Task: An unchanged copy of each entry below is needed; keep the pictures out of it.
- Opening Delimiter -
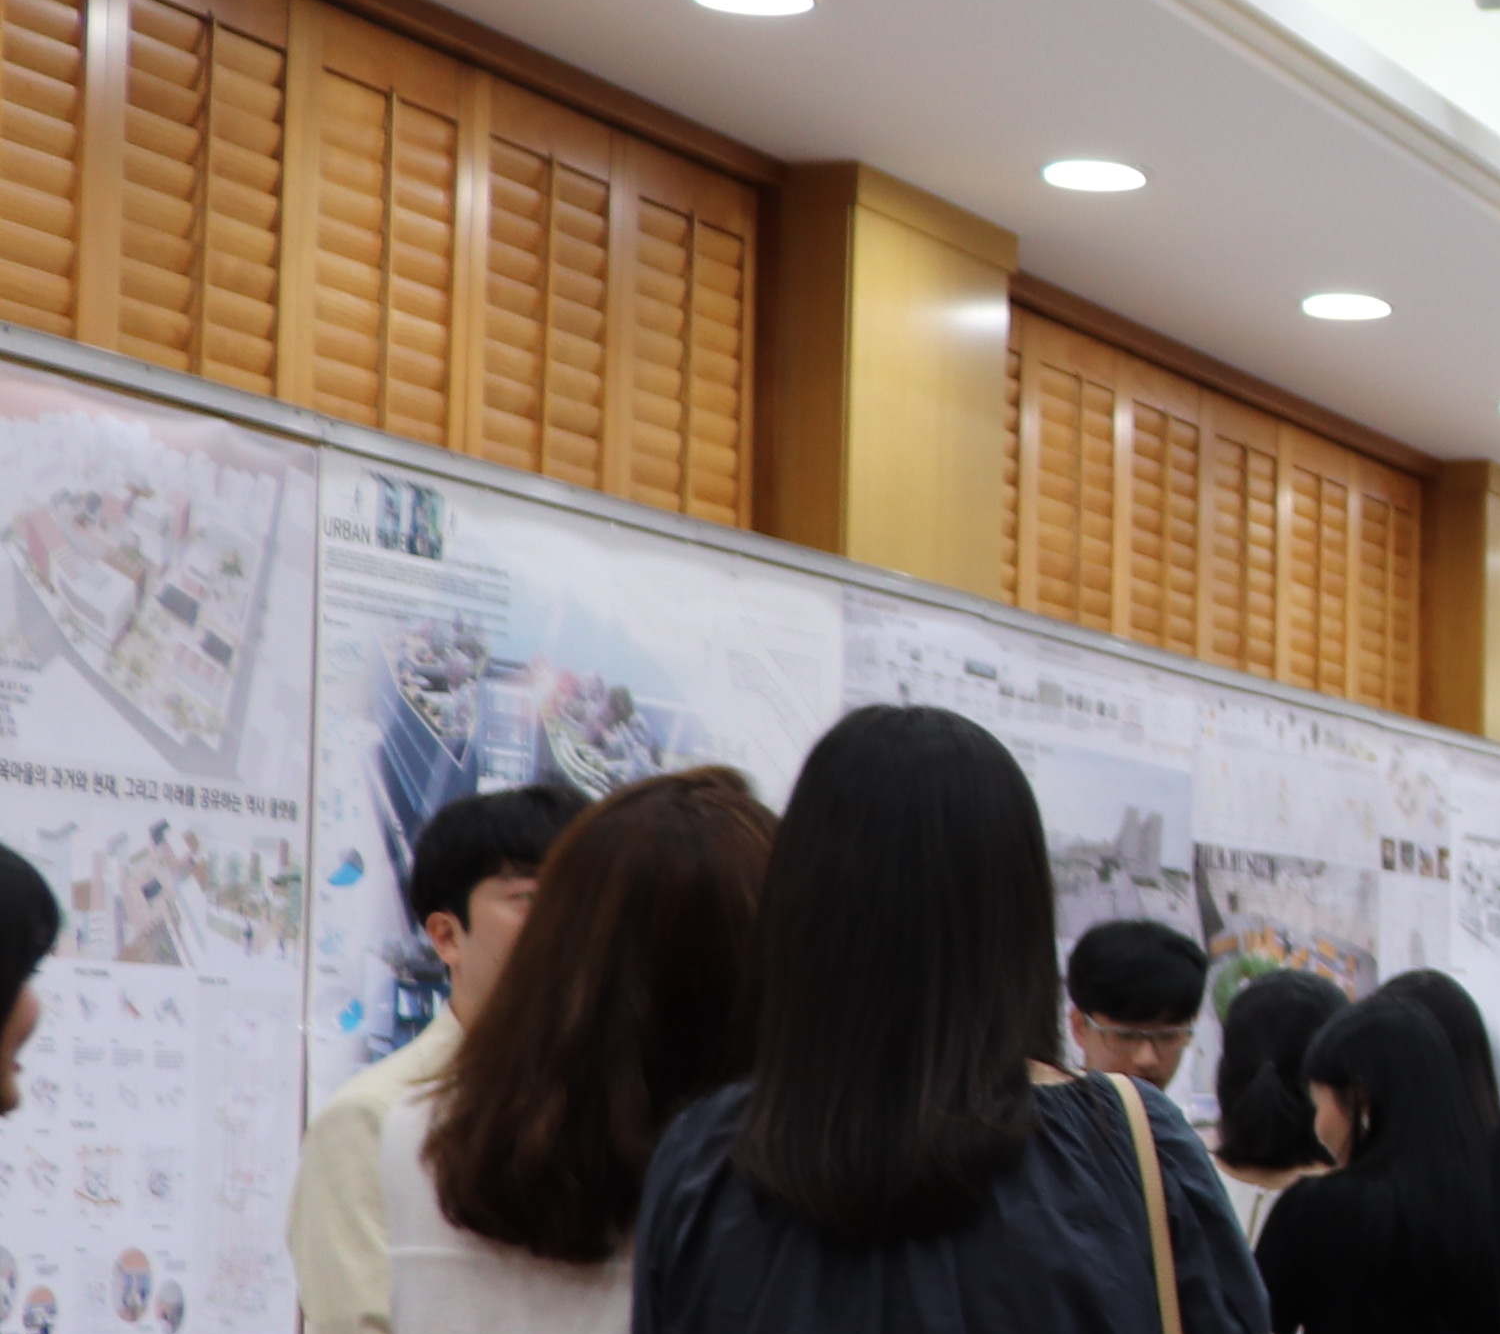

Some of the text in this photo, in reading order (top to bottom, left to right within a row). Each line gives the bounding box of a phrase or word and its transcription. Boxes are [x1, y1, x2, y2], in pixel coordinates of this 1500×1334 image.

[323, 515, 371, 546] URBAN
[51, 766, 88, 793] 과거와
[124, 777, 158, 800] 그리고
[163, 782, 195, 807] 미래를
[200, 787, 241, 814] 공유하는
- Closing Delimiter -
Exercise response:
Some of the text in this photo, in reading order (top to bottom, left to right within a row). Each line gives the bounding box of a phrase or word and its transcription. Boxes are [x1, y1, x2, y2], in pixel coordinates of this 1500×1334 image.

[323, 515, 371, 546] URBAN
[51, 766, 88, 793] 과거와
[124, 777, 158, 800] 그리고
[163, 782, 195, 807] 미래를
[200, 787, 241, 814] 공유하는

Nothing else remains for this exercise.